The Proteoform

In correspondence to Nature Methods, Lloyd Smith, Neil Kelleher, and the Consortium for Top Down Proteomics suggest the term "proteoform" to describe all the shapes that a protein can assume. "Given the importance of capturing this protein variation in basic and translational research, and that technologies now exist to reveal it, we point out an ongoing problem in nomenclature regarding what to call it," they write.

Smith and his colleagues add that many of currently used terms are imprecise — 'isoform' actually refers to genetic, not protein, variations, while the phrase 'protein species' cannot "distinguish between proteins originating from different genes and those originating from a single gene."

'Proteoform', they say, will help solve these issues, and they have begun using it in their work. "We find it to be intuitive and readily grasped by readers and audiences. It has an aesthetic appeal, as the simple protein analog of the genetic term 'isoform'," they add.

"It just catches on … it fills a void the rolls right off the tongue at conferences and sits well in the gut while digesting text," Kelleher tells Nature Methods' Methagora blog.


The proposal by Smith et al.

The proposal by Smith et al. in their Nature Methods correspondence to adopt the term "proteoform" would somewhat reduce the ambiguity of what is meant by a protein "isoform." Isoforms would primarily arise from alternative splicing of the same gene or, I presume, highly related genes arising from gene duplication that are also functional homologues. "Proteoforms" would encompass all amino acid differences arising from genetic mutations and post-translational modifications of a protein translated from an mRNA according to the definition proposed.

The difficulty with this suggestion is that the term "isoform" has also been historically used to distinguish between proteins that reside in complexes with different subunits. For example, many of the cyclin-dependent protein kinases can each bind to different cyclins. In another example, the catalytic subunit of protein phosphatase 2A can bind to a wide diversity of regulatory subunits that can affect its cellular location and substrate specificity. As defined in the Smith et al. Nature Methods correspondence, these isoforms would not be reclassified as proteoforms. However, if the word "proteoform" was extended to include protein complexes, I think that the meaning of term would be too diluted and it would be overly broad.

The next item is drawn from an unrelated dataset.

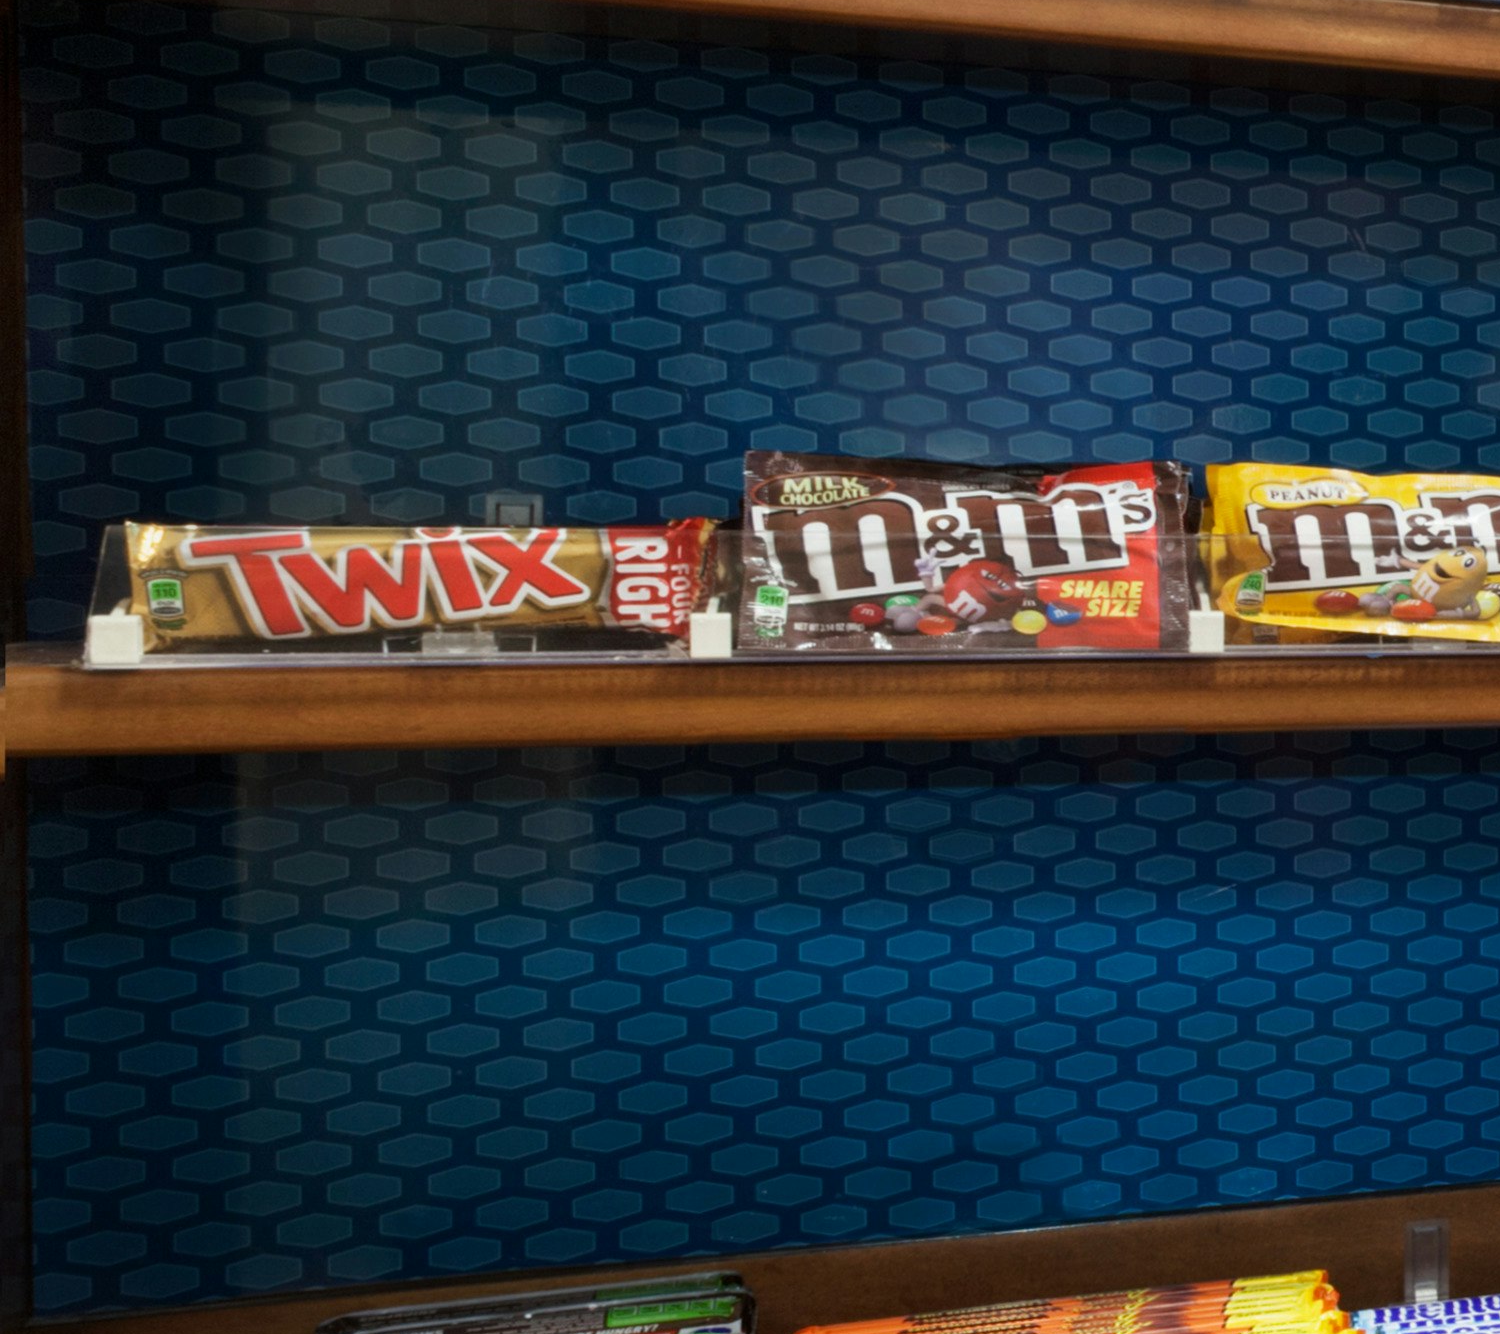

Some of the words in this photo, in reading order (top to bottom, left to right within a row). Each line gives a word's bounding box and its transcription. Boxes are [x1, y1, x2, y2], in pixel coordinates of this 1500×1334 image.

The vast majority of proteins in cells appear to exist in either homogeneous or heterogenous multimeric complexes. Perhaps it would be a good idea to adopt a third term to distinguish proteins on the basis of their quaternary structures. Carrying on with the intent of this initiative, I suggest a generalized term "proteocomplex" that refers to the specific composition and stoichiometry of subunits in protein complexes. From a quick Google search, this appears to be a novel word, but I believe that it is conceptually obvious in its meaning.